§ Exercise goal: Every record here must be copied exactly, except for the images it holds.

§ Data excerpts:
# # # # #

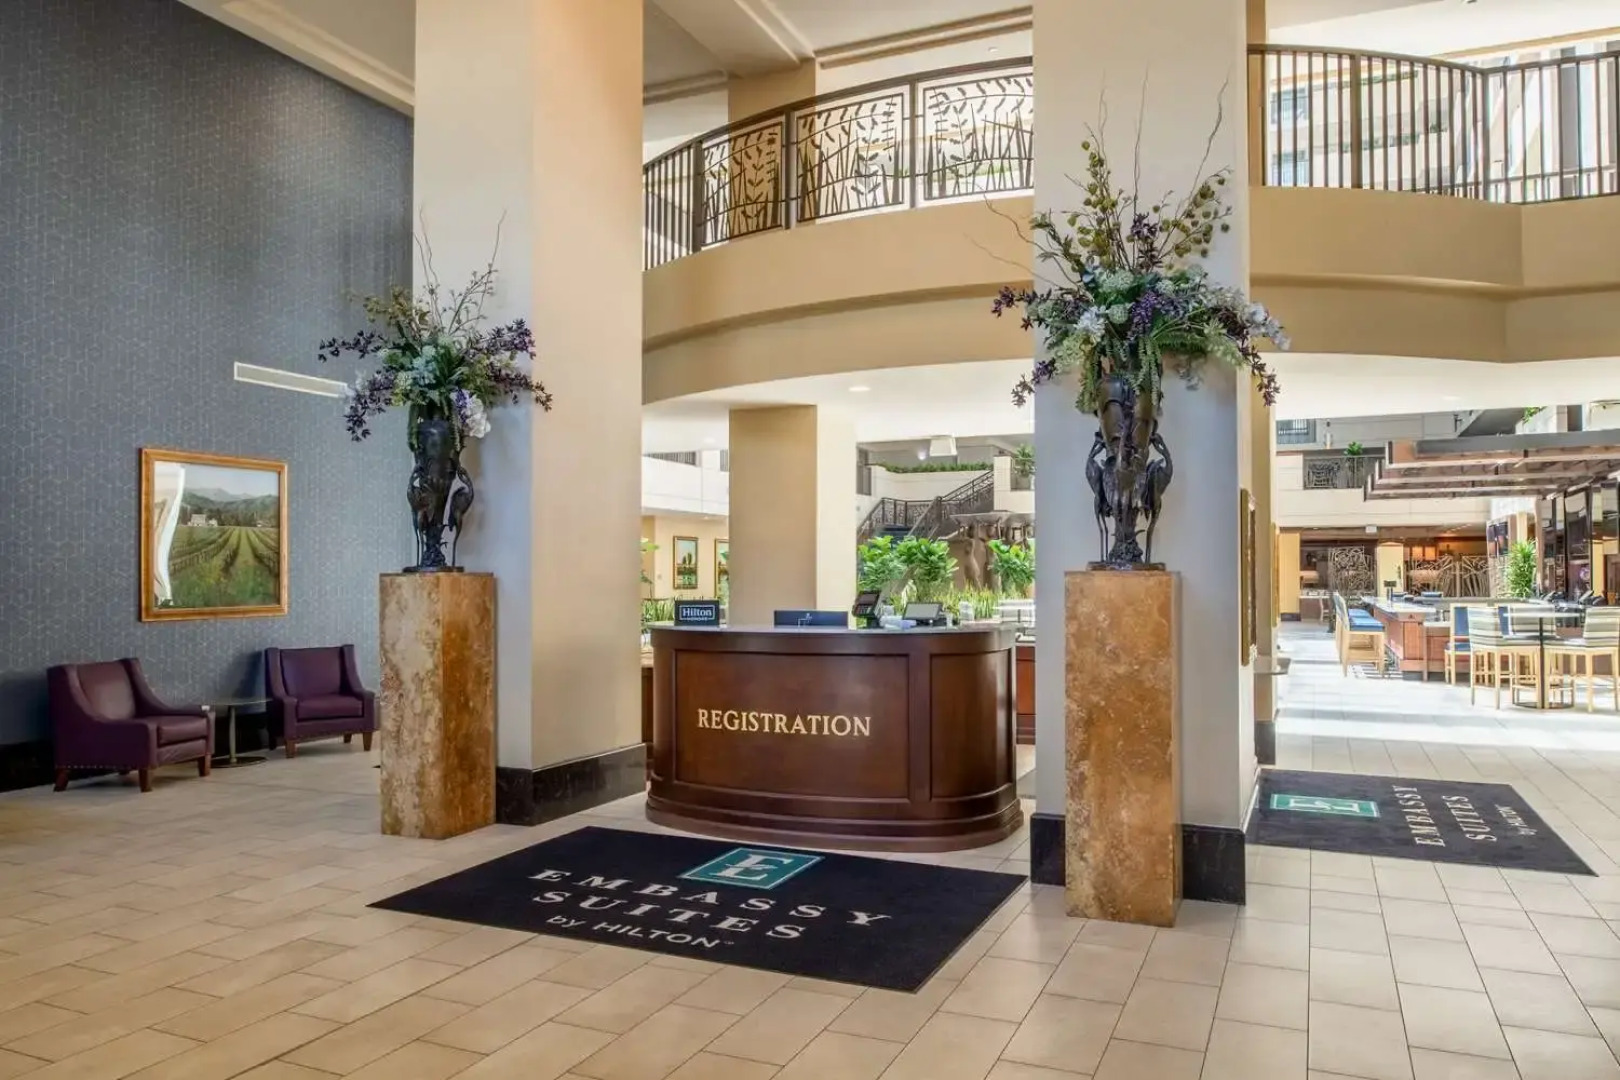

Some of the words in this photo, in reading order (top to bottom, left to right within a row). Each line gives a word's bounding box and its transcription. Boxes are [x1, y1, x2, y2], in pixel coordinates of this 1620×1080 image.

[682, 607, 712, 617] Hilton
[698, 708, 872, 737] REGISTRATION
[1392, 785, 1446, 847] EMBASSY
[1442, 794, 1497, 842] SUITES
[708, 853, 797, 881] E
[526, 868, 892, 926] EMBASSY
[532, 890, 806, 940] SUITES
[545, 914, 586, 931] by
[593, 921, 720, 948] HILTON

# # # # #

§ Result below:
Some of the words in this photo, in reading order (top to bottom, left to right within a row). Each line gives a word's bounding box and its transcription. Boxes are [x1, y1, x2, y2], in pixel coordinates of this 1620×1080 image.

[682, 607, 712, 617] Hilton
[698, 708, 872, 737] REGISTRATION
[1392, 785, 1446, 847] EMBASSY
[1442, 794, 1497, 842] SUITES
[708, 853, 797, 881] E
[526, 868, 892, 926] EMBASSY
[532, 890, 806, 940] SUITES
[545, 914, 586, 931] by
[593, 921, 720, 948] HILTON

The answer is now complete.